5. The semiconductor substrate modulation method based on gamma rays according to claim 4, characterized in that, The reverse adjustment of process parameters for other semiconductor substrates belonging to the same batch as the semiconductor substrate includes: Construct a response surface model; wherein the response surface model characterizes the mapping relationship between process parameters and performance; An objective function is constructed by combining the response surface model, and the process parameter quantity is determined by solving the objective function; wherein, the objective function represents the difference between the performance parameter after adjusting the process parameter quantity and the target performance parameter.

6. The semiconductor substrate modulation method based on gamma rays according to claim 1, characterized in that, The detection parameters also include the initial carrier concentration; determining the gamma-ray irradiation parameters based on the detection parameters of the semiconductor substrate and the target resistivity includes: Identify the material type of the semiconductor substrate; wherein the material type includes silicon carbide, gallium nitride, and diamond; Obtain the target resistivity and instantaneous dose rate corresponding to the material type; The cumulative radiation dose of the semiconductor substrate is determined based on the material type, the target resistivity, the initial resistivity, and the initial carrier concentration. The irradiation distance is determined based on the instantaneous dose rate and the substrate thickness.

7. The semiconductor substrate modulation method based on gamma rays according to claim 6, characterized in that, Determining the cumulative radiation dose of the semiconductor substrate includes: Determine the control coefficient based on the material type; Based on the initial carrier concentration, a corrected weighting factor is generated; The cumulative radiation dose is determined based on the control coefficient, the correction weighting factor, the target resistivity, and the initial resistivity.
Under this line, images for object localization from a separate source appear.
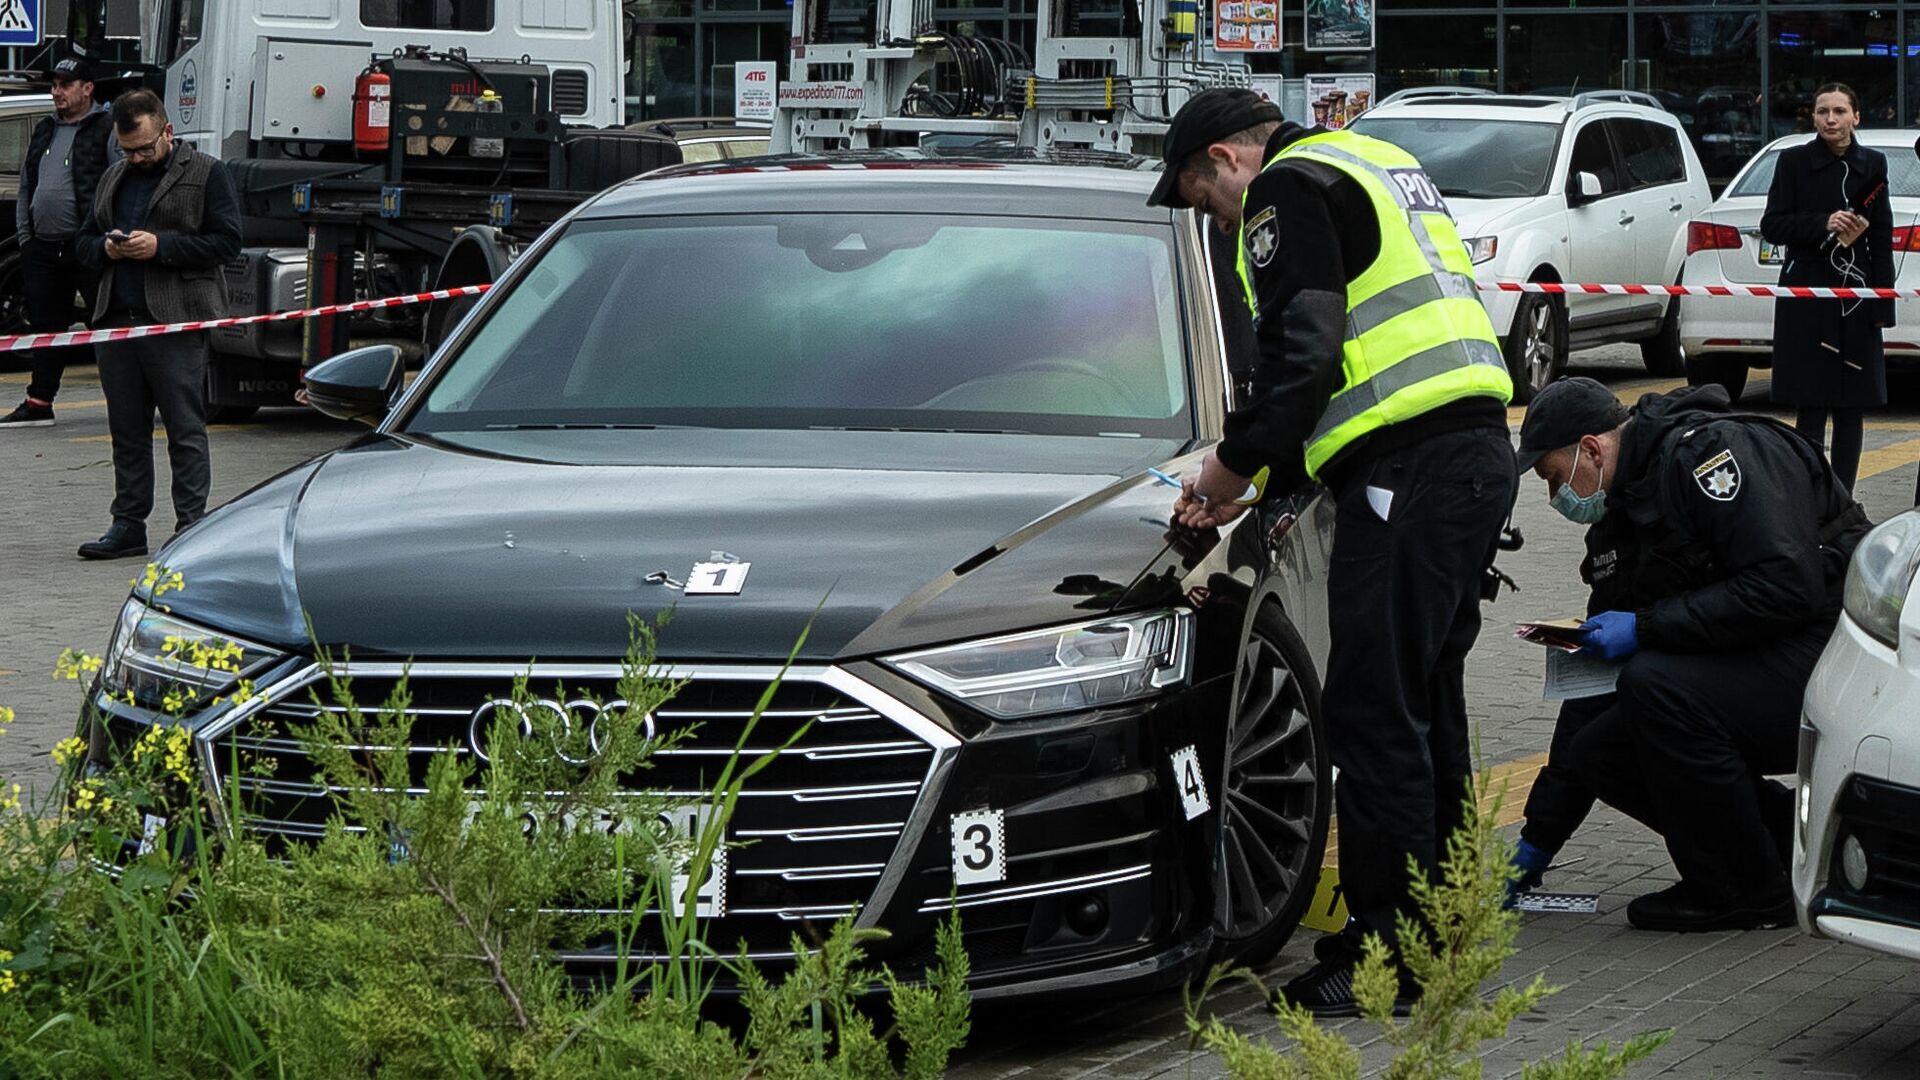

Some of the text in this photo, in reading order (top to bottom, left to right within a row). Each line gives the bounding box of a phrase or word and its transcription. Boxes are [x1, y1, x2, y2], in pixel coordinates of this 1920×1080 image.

[779, 85, 863, 102] www.expedition777.com
[239, 380, 288, 392] IVECO
[706, 568, 728, 586] 1
[1184, 758, 1201, 803] 4
[962, 824, 994, 871] 3
The cumulative radiation dose is directly proportional to the logarithm of the ratio of the target resistivity to the initial resistivity; the cumulative radiation dose is inversely proportional to the control coefficient; and the cumulative radiation dose is inversely proportional to the correction weighting factor.

8. The semiconductor substrate modulation method based on gamma rays according to claim 6, characterized in that, Determining the irradiation distance based on the instantaneous dose rate and the substrate thickness includes: Obtain a reference distance and a reference dose rate measured at the reference distance; Obtain the thickness compensation coefficient corresponding to the material type; The irradiation distance is determined based on the instantaneous dose rate, the reference dose rate, the reference distance, the substrate thickness, and the thickness compensation coefficient.

9. The semiconductor substrate modulation method based on gamma rays according to claim 1, characterized in that, Before obtaining the detection parameters of the semiconductor substrate to be processed, the method further includes: Identify the material type of the semiconductor substrate; wherein the material type includes silicon carbide, gallium nitride, and diamond; Determine the pretreatment process parameters based on the material type of the semiconductor substrate; Based on the pretreatment process parameters, the semiconductor substrate is cleaned, soaked, and dried.

10. The semiconductor substrate modulation method based on gamma rays according to claim 1, characterized in that, The detection parameters also include: surface roughness and lattice integrity retention rate; Before determining the gamma-ray irradiation parameters based on the detection parameters and target resistivity of the semiconductor substrate, the method further includes: The surface roughness of the semiconductor substrate is determined to be less than a set upper roughness threshold, and the lattice integrity retention rate of the semiconductor substrate is determined to be greater than a set lower integrity threshold.